🤖 AI Summary
This study addresses the unclear impact of code representation on false positives in cross-lingual large language model (LLM)-based vulnerability detection. Through systematic investigation of using raw source code versus pruned abstract syntax trees (ASTs) during training and inference, the authors identify the model’s reliance on surface-level syntactic cues as the primary cause of false positives. To mitigate this without retraining, they propose a cross-representation probing method that leverages structured AST representations to reduce misclassifications arising from inter-language syntactic discrepancies. Evaluated on Qwen3-8B and Llama 3.1-8B-Instruct fine-tuned on C/C++ and tested on Java and Python benchmarks, the approach reduces Qwen3-8B’s false positive rate from 1.0 to 0.583—converting 37.2% of false positives into true negatives—and achieves only a 2.9 percentage point higher false positive rate on Python than on Java, demonstrating both effectiveness and cross-lingual robustness.
📝 Abstract
How code representation format shapes false positive behaviour in cross-language LLM vulnerability detection remains poorly understood. We systematically vary training intensity and code representation format, comparing raw source text with pruned Abstract Syntax Trees at both training time and inference time, across two 8B-parameter LLMs (Qwen3-8B and Llama 3.1-8B-Instruct) fine-tuned on C/C++ data from the NIST Juliet Test Suite (v1.3) and evaluated on Java (OWASP Benchmark v1.2) and Python (BenchmarkPython v0.1).

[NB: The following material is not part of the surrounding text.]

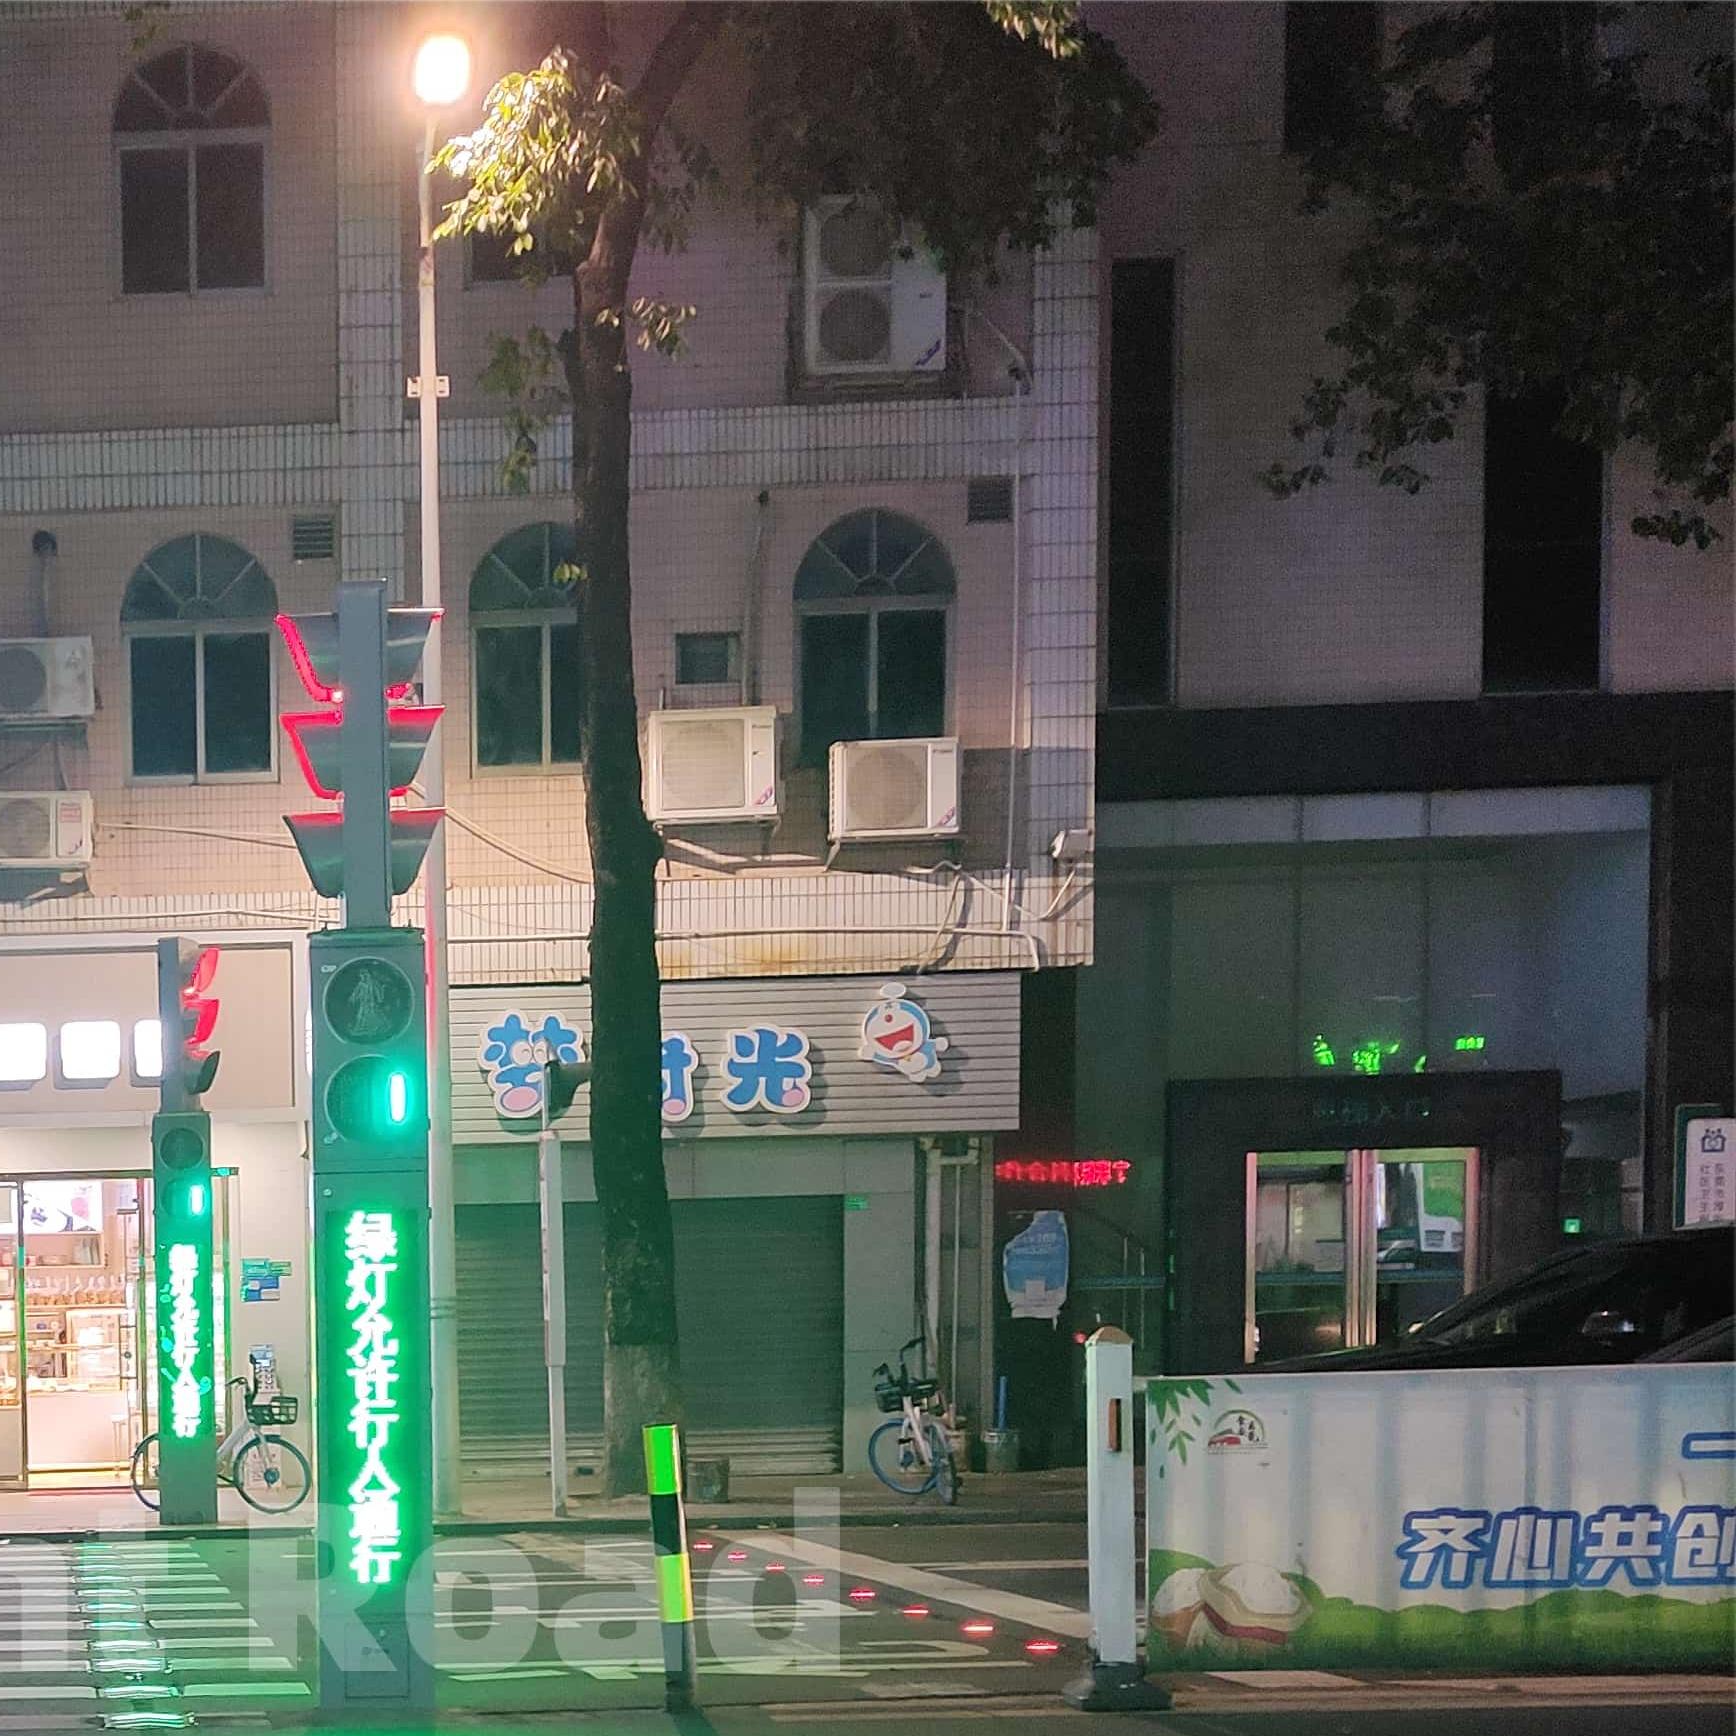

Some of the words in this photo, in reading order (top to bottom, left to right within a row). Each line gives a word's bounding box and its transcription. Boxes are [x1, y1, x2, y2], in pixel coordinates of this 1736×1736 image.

Cross-language FPR reflects the joint effect of training-time and inference-time representation, not either alone. Text fine-tuning drives FPR upward monotonically (Qwen3-8B: 0.763 zero-shot, 0.866 pilot, 1.000 full-scale) while F1 remains stable (0.637-0.688), masking the collapse. We argue surface-cue memorisation is the primary mechanism: text fine-tuning encodes C/C++-specific API names and syntactic idioms as vulnerability triggers that fire indiscriminately on target-language code. A cross-representation probe, applying text-trained weights to AST-encoded input without retraining, isolates this: Qwen3-8B FPR drops from 0.866 to 0.583, and 37.2% of false positives revert to true negatives under AST input alone. Direct AST fine-tuning does not preserve the benefit (FPR at least 0.970), as flat linearisation introduces structural surface cues of its own. The pattern replicates across both model families. On BenchmarkPython the AST probe yields FPR=0.554, within 2.9 percentage points of the Java result, despite maximal surface-syntax differences, substantially weakening a domain-shift explanation. These findings motivate a pre-deployment consistency gate, running alerts through both text and AST paths, as a retraining-free filter for false-positive-sensitive settings, at the cost of reduced recall.